● WHAT TO WORK ON
Reproduce each line of the following material exactly, omitting the images.

● THE DATA
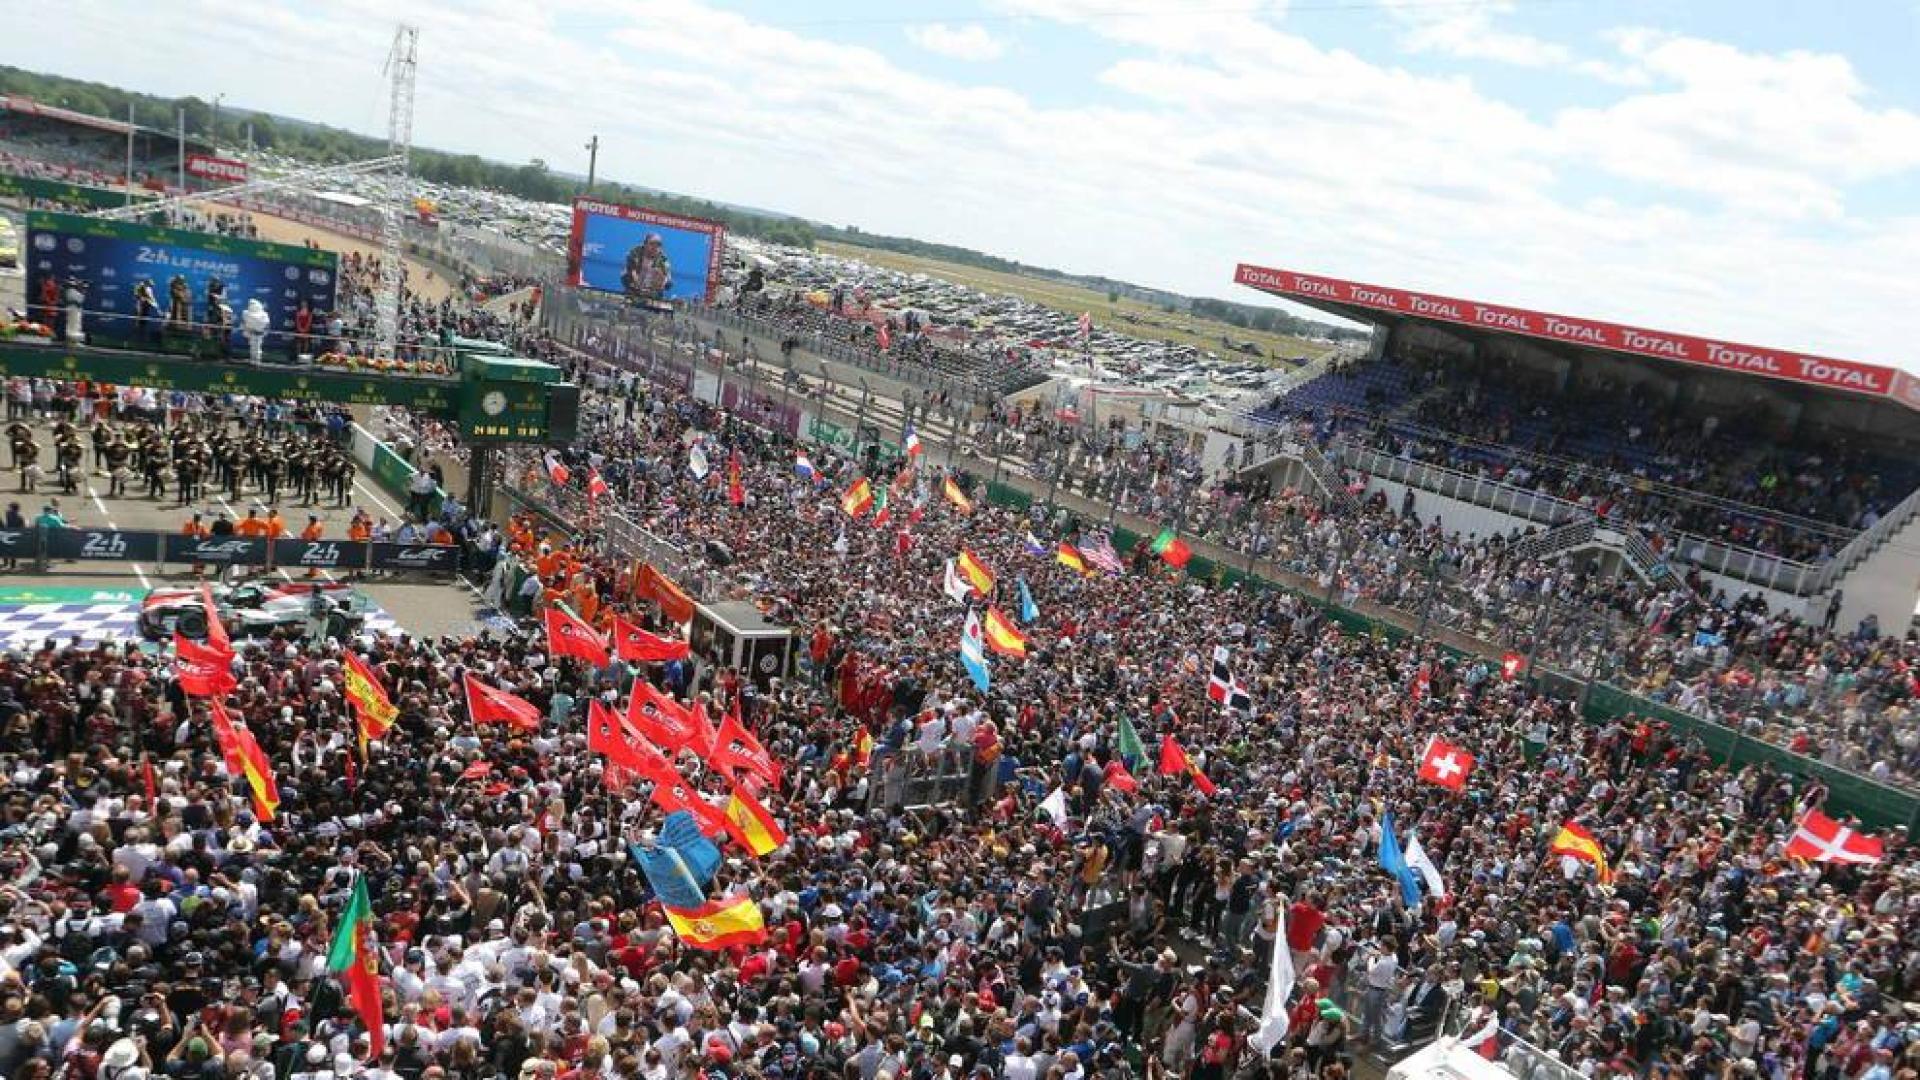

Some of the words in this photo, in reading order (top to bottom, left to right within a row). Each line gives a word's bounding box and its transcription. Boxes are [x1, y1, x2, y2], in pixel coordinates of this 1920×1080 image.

[191, 158, 246, 178] MOTUL
[577, 200, 620, 216] MOTUL
[1243, 268, 1282, 288] TOTAL
[1294, 277, 1338, 297] TOTAL
[1350, 286, 1397, 307] TOTAL
[1409, 295, 1460, 319] TOTAL
[1474, 306, 1530, 330] TOTAL
[1544, 317, 1606, 342] TOTAL
[1622, 329, 1689, 356] TOTAL
[1706, 342, 1780, 371] TOTAL
[1800, 358, 1881, 389] TOTAL

● ANSWER BOX
Some of the words in this photo, in reading order (top to bottom, left to right within a row). Each line gives a word's bounding box and its transcription. Boxes are [x1, y1, x2, y2], in pixel coordinates of this 1920×1080 image.

[191, 158, 246, 178] MOTUL
[577, 200, 620, 216] MOTUL
[1243, 268, 1282, 288] TOTAL
[1294, 277, 1338, 297] TOTAL
[1350, 286, 1397, 307] TOTAL
[1409, 295, 1460, 319] TOTAL
[1474, 306, 1530, 330] TOTAL
[1544, 317, 1606, 342] TOTAL
[1622, 329, 1689, 356] TOTAL
[1706, 342, 1780, 371] TOTAL
[1800, 358, 1881, 389] TOTAL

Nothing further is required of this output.